September 3, 2007 | Unregistered CommenterEvelin

Even if your ground meat was never frozen, you may get some liquid accumulating in the bottom of the dish. Once you remove the dish, cover it with aluminum foil and let cool on a rack. The liquid will percolate back into the baked meat pie.

Can you explain that?

Btw I aped your Koko Keebee today. More or less.

September 5, 2007 | Unregistered CommenterM.
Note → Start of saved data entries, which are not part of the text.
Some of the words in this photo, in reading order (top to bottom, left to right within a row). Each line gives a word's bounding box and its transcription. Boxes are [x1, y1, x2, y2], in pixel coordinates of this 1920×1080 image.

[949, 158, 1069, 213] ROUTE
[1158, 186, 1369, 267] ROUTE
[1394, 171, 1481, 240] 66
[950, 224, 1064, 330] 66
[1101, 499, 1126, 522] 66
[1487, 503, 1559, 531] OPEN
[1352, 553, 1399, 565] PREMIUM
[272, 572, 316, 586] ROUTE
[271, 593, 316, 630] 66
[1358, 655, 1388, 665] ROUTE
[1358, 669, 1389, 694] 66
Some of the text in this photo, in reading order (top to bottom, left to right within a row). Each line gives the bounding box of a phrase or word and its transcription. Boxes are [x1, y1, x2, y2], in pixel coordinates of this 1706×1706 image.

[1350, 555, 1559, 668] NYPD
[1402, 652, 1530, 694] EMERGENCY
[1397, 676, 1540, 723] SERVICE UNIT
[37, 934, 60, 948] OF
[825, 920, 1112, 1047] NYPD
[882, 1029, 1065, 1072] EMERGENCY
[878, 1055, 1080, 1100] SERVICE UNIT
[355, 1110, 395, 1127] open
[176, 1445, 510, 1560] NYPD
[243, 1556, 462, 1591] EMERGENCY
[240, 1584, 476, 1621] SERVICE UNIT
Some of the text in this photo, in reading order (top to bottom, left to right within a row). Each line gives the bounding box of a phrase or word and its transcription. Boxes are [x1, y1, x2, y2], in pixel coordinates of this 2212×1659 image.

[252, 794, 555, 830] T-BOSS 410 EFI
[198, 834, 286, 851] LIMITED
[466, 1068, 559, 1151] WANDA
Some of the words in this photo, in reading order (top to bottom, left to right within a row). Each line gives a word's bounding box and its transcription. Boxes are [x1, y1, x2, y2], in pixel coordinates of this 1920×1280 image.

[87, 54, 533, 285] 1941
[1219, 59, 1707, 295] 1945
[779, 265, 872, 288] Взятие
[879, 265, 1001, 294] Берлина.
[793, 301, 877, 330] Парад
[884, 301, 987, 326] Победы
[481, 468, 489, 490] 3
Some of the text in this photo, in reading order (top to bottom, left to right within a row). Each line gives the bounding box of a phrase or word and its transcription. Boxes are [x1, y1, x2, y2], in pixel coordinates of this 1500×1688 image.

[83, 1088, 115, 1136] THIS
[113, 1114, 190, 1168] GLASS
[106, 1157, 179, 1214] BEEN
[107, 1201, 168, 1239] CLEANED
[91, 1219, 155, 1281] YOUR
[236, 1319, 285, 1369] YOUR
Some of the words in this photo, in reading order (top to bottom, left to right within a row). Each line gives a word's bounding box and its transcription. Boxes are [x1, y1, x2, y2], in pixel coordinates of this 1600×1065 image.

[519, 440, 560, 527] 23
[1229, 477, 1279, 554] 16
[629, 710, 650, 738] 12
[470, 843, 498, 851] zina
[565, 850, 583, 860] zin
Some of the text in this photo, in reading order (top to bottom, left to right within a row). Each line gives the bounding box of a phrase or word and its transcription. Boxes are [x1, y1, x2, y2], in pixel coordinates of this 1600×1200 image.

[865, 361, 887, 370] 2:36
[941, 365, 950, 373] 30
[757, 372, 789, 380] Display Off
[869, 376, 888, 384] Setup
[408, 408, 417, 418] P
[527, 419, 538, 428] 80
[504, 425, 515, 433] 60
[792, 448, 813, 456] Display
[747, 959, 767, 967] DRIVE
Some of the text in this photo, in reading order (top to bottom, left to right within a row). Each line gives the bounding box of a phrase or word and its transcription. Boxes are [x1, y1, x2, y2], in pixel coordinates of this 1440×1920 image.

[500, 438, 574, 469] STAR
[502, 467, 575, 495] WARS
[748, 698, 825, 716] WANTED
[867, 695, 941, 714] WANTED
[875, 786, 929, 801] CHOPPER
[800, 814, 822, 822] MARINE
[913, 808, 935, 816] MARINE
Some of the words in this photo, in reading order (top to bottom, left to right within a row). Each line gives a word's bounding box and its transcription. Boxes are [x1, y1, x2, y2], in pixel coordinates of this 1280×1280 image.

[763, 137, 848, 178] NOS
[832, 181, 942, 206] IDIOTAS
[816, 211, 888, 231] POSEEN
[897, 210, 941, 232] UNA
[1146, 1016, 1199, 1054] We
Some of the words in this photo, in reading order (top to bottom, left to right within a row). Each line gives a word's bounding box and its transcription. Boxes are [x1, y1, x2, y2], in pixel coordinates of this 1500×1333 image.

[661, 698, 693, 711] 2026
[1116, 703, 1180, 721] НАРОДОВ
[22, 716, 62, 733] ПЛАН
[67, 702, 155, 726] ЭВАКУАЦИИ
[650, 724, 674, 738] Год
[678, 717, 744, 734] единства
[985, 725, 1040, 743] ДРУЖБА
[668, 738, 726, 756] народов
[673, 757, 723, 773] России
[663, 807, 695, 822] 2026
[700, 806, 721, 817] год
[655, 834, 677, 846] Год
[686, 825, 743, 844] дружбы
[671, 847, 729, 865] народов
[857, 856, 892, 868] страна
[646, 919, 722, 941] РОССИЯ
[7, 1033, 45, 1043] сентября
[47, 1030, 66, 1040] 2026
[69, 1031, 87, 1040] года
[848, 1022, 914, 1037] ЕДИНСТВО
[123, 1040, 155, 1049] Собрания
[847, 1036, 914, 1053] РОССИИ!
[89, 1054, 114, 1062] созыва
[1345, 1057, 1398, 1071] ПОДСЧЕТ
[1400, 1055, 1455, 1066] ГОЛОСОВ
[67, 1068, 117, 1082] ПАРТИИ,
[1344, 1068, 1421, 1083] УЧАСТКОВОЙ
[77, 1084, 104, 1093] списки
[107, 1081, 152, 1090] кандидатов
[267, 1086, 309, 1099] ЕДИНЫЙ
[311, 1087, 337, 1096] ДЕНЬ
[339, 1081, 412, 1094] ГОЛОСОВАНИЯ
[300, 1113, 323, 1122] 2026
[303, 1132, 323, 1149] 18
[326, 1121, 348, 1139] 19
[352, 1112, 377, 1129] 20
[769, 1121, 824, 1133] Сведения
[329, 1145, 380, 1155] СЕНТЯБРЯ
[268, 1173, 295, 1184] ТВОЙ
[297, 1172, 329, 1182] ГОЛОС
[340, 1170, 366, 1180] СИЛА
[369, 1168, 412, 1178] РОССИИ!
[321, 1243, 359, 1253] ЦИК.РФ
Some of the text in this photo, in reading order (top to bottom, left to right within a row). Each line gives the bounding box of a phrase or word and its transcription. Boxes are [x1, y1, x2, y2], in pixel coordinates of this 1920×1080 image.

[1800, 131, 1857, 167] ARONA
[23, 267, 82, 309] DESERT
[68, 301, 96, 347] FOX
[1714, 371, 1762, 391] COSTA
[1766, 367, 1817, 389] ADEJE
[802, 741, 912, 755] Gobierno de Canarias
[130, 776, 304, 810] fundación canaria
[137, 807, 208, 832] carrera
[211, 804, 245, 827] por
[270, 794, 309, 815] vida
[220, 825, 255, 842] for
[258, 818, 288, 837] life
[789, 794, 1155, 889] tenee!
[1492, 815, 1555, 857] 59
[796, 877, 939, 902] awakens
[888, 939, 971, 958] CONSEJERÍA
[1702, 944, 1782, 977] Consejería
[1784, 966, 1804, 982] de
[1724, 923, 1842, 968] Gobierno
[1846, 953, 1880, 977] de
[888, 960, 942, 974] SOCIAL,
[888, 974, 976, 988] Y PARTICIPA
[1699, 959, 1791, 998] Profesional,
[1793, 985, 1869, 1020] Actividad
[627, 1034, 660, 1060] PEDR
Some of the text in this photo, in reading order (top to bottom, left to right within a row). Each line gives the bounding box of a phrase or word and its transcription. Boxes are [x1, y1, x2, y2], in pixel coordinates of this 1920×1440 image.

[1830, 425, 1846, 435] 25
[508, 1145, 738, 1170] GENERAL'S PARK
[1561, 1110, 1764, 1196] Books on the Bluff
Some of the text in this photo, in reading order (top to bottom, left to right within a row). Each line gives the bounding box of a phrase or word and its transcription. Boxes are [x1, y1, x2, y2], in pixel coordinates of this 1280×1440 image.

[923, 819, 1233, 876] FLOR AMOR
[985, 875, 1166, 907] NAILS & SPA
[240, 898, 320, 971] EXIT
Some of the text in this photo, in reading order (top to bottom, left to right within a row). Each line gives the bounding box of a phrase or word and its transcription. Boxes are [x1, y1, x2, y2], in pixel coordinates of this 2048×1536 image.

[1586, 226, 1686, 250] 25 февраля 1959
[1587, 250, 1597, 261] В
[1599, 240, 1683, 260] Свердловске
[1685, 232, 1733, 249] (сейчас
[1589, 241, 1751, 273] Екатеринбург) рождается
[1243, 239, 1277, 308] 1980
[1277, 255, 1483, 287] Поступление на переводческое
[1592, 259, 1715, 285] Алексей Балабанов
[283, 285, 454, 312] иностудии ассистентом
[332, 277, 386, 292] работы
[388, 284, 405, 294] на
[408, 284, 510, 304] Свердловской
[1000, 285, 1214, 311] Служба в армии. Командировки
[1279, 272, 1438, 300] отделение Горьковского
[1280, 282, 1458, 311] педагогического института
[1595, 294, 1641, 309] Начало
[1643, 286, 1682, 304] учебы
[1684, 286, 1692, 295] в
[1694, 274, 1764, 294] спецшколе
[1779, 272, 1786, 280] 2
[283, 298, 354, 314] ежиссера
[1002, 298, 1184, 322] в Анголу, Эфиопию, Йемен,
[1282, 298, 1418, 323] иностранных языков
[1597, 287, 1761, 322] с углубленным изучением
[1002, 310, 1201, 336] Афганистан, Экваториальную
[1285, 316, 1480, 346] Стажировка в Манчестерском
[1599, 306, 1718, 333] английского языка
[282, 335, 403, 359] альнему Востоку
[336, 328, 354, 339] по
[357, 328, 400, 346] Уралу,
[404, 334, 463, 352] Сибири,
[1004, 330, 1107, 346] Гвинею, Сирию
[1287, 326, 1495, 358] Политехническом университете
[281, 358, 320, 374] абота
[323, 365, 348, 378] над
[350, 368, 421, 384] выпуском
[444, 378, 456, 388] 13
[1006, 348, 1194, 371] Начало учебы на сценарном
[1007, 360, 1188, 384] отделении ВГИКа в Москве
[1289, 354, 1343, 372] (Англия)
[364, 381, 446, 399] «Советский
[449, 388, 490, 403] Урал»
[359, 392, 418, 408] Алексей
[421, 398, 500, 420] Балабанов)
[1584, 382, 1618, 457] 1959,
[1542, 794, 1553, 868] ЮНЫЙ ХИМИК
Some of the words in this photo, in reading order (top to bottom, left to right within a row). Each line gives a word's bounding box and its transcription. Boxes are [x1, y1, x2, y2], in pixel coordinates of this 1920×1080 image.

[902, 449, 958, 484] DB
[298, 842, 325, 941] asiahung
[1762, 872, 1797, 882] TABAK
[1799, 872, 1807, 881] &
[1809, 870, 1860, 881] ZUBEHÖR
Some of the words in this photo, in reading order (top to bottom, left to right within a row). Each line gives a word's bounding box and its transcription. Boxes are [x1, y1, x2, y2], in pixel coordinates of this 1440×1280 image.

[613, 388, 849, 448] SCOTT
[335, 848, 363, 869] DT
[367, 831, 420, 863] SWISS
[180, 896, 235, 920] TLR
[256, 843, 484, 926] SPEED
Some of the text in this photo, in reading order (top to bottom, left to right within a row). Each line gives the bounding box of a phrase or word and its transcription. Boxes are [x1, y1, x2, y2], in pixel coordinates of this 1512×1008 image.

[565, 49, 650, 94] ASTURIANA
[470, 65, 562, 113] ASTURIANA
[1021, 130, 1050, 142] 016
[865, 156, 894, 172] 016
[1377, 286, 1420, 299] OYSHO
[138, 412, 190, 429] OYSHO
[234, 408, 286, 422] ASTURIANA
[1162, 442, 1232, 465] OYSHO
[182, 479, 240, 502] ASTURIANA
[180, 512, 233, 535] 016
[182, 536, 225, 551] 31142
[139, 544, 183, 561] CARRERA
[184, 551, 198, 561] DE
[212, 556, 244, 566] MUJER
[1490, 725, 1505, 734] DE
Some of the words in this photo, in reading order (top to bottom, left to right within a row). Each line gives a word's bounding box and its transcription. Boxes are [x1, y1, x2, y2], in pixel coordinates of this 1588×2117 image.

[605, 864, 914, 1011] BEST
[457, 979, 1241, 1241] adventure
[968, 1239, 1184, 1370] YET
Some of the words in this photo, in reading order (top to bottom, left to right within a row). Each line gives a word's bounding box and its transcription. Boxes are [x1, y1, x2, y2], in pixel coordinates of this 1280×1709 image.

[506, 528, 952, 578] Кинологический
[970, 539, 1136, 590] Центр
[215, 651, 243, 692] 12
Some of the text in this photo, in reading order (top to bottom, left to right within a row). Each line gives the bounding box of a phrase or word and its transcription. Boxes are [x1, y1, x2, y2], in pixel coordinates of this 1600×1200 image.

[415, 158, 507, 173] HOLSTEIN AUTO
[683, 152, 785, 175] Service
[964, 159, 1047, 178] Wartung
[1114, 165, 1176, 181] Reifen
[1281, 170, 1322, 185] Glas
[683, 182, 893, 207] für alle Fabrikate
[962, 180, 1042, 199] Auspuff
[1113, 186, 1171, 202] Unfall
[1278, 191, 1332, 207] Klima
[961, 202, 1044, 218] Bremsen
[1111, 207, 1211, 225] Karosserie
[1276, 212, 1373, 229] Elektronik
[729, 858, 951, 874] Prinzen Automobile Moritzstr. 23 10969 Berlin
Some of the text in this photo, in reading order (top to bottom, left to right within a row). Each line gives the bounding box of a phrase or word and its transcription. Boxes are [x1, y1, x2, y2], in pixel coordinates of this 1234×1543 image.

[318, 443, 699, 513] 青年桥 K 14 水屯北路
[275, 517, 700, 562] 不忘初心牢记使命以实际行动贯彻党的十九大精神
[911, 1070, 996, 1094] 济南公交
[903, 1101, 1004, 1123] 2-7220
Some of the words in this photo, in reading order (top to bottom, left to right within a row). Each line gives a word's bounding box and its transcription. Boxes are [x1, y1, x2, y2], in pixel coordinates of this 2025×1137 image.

When I was making the dish, after the cooking time of 30 minutes there was some water at the bottom of the dish. Rather than remove the meat from the dish, I covered the dish with aluminum foil and set it on a cooling rack. When I came back to it an hour later, the liquid was gone. That was too much liquid to have evaporated from a covered dish (although I could have misjudged), so I'm guessing that the bulgur in the dish re-absorbed the liquid.

Meat is 75% water. Some of it oozes out whenever meat is cooked. As meat is heated, water that is stuck to those long molecules (myosin + actin) inside muscle cells gets squeezed out. As the meat is heated even more the water stuck to the proteins outside muscle cells gets squeezed. Meat that has been frozen will loose water as it thaws because the freezing process create ice crystals that break through muscle cells and surrounding material creating passages for the water. There is a tendency to expect water from meat that has been frozen, but not from fresh meat. (The little I know about meat cooking I learned from McGee's book.)

If I had cooked the dish at a lower temperature, so that most of the dish never reached 60 C, it may have oozed less liquid. I'll have to try next time. Right now, my wife has banned me from further experimenting with meat and chocolate in the kitchen.

Ape away (I have to put a Creative Commons sign somewhere on this site). Traditional kibbeh (my mom's) with this much beef would also have 1 teaspoon of cinnamon and about 4 ounces of tomato sauce.

September 6, 2007 | Registered CommenterPapin


September 6, 2007 | Unregistered CommenterM.

Wow. This is very interesting. I've never thought about combining beef and chocolate. I didn't even realize that this was a popular thing in other cultures. I'll have to try this recipe some time. I wonder if I can get my kids to eat it... maybe since it has chocolate in it. LOL. Thanks for sharing!